> _What the task requires_:
Going down the data below, set down exactly the line with "this 1600×1067 image." and each line after it through the line with "Some of the text"; no other lines.

> _Material provided_:
· · · · ·

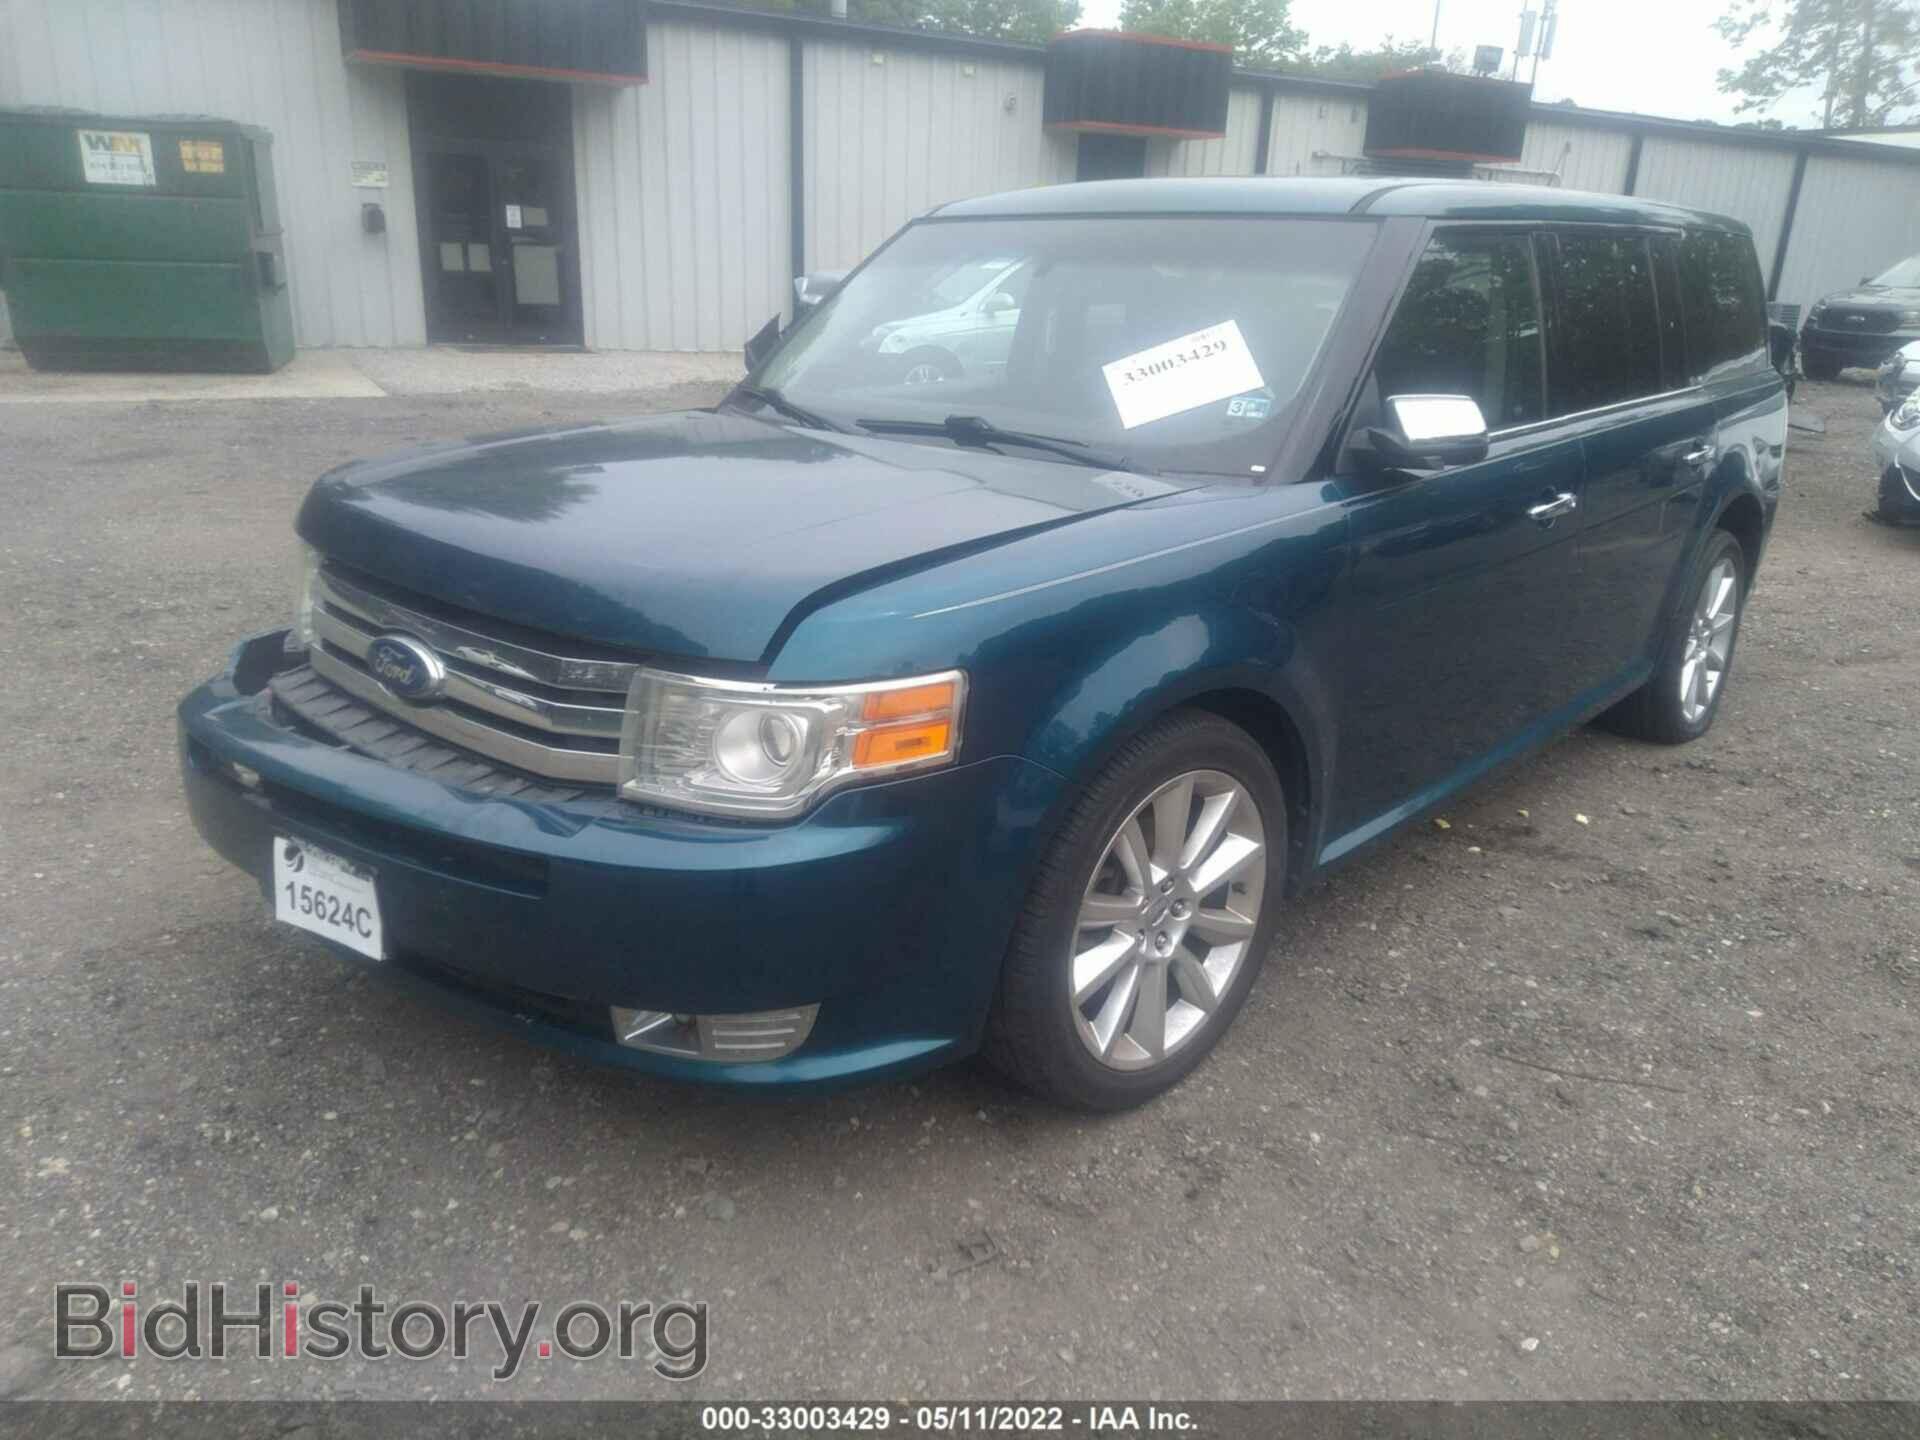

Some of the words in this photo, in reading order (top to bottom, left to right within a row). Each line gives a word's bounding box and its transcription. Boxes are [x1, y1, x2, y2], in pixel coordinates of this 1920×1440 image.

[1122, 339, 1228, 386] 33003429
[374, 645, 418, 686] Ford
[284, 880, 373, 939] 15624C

· · · · ·

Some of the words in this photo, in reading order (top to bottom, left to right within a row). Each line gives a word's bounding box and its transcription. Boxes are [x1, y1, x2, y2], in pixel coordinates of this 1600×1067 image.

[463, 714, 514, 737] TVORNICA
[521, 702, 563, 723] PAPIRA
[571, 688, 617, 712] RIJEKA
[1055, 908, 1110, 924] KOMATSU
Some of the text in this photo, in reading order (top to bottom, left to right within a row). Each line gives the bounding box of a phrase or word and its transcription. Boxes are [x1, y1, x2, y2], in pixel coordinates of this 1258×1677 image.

· · · · ·

> _Output below_:
Some of the words in this photo, in reading order (top to bottom, left to right within a row). Each line gives a word's bounding box and its transcription. Boxes are [x1, y1, x2, y2], in pixel coordinates of this 1600×1067 image.

[463, 714, 514, 737] TVORNICA
[521, 702, 563, 723] PAPIRA
[571, 688, 617, 712] RIJEKA
[1055, 908, 1110, 924] KOMATSU
Some of the text in this photo, in reading order (top to bottom, left to right within a row). Each line gives the bounding box of a phrase or word and its transcription. Boxes are [x1, y1, x2, y2], in pixel coordinates of this 1258×1677 image.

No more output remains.